[Phrase grounding data]
• • • • • • •
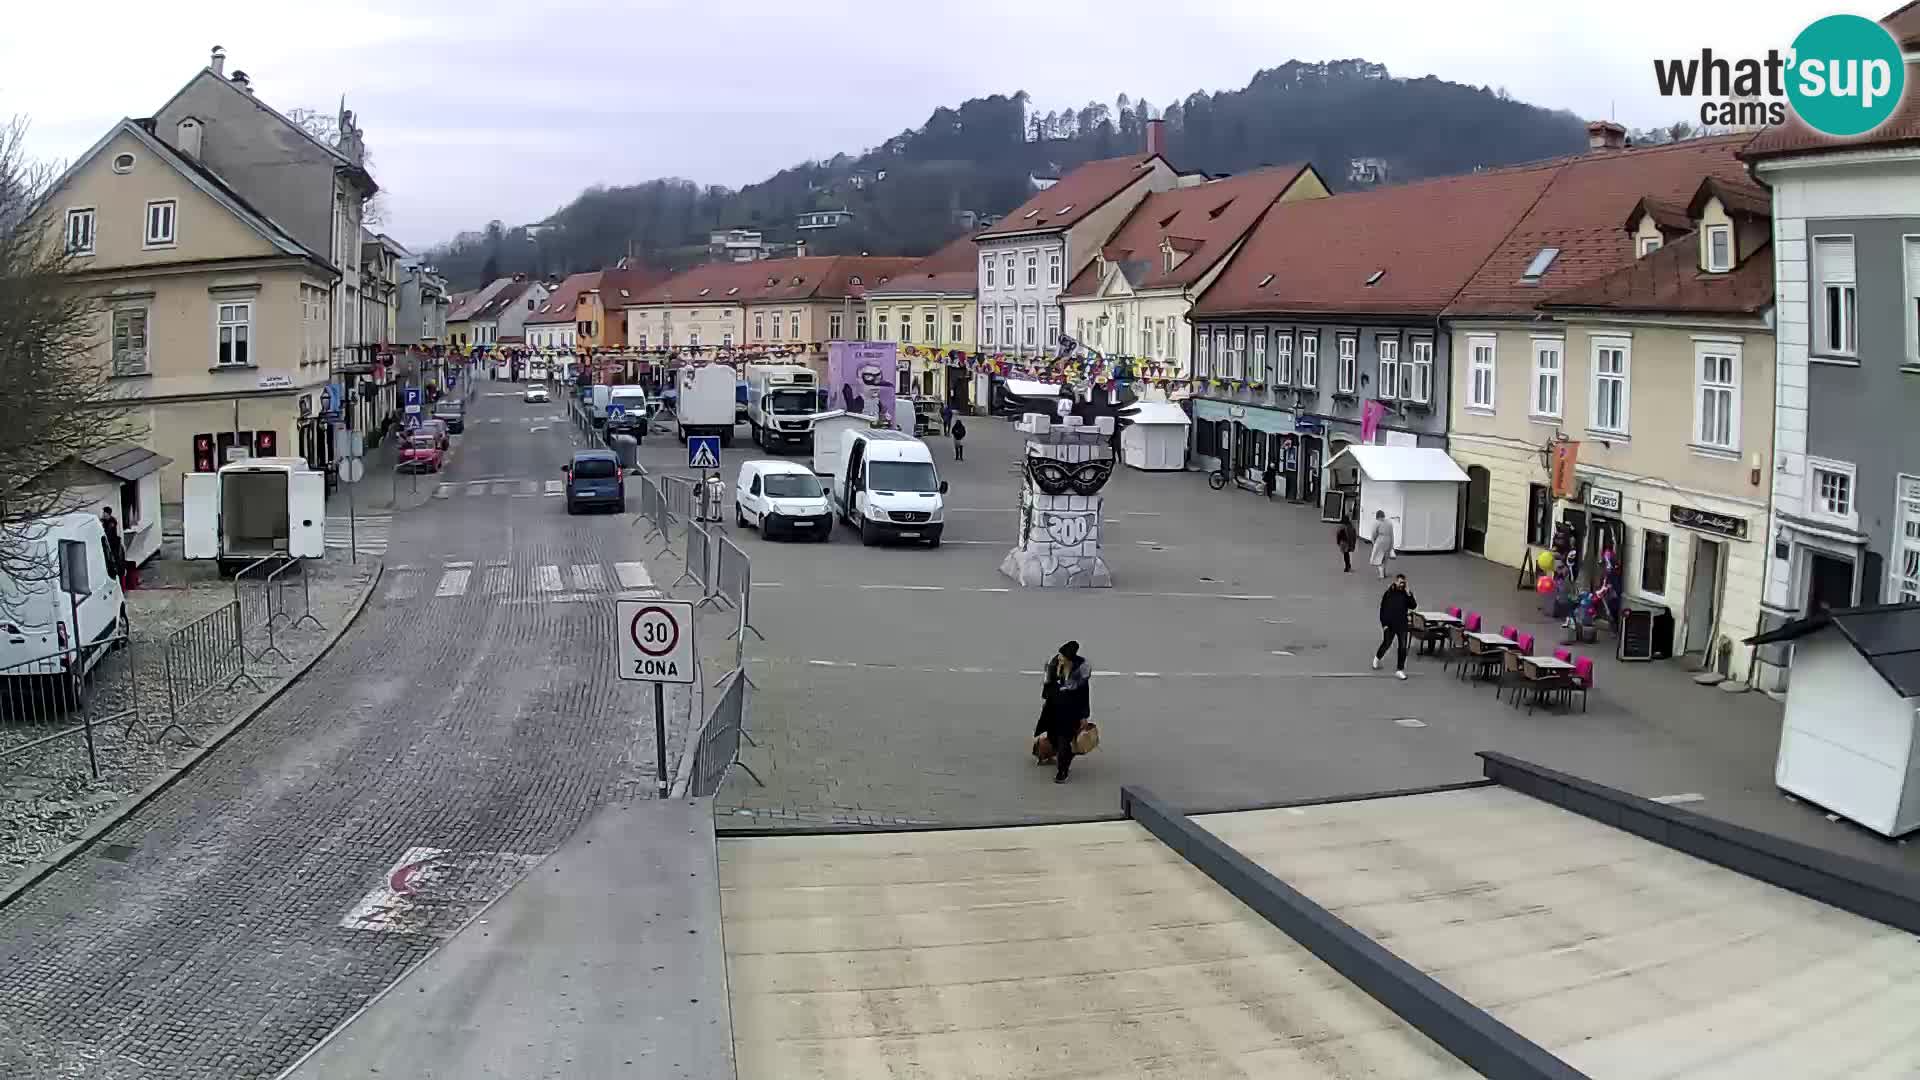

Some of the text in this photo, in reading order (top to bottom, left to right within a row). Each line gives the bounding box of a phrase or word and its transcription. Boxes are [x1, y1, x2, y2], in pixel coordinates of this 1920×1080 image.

[408, 392, 416, 402] P
[1047, 516, 1087, 546] 200
[643, 622, 668, 643] 30
[634, 659, 678, 676] ZONA
• • • • • • •
▶ _Exercise instructions_:
Print every entry exactly as written, without the pictures.

▶ _Output for this exercise_:
Some of the text in this photo, in reading order (top to bottom, left to right within a row). Each line gives the bounding box of a phrase or word and its transcription. Boxes are [x1, y1, x2, y2], in pixel coordinates of this 1920×1080 image.

[408, 392, 416, 402] P
[1047, 516, 1087, 546] 200
[643, 622, 668, 643] 30
[634, 659, 678, 676] ZONA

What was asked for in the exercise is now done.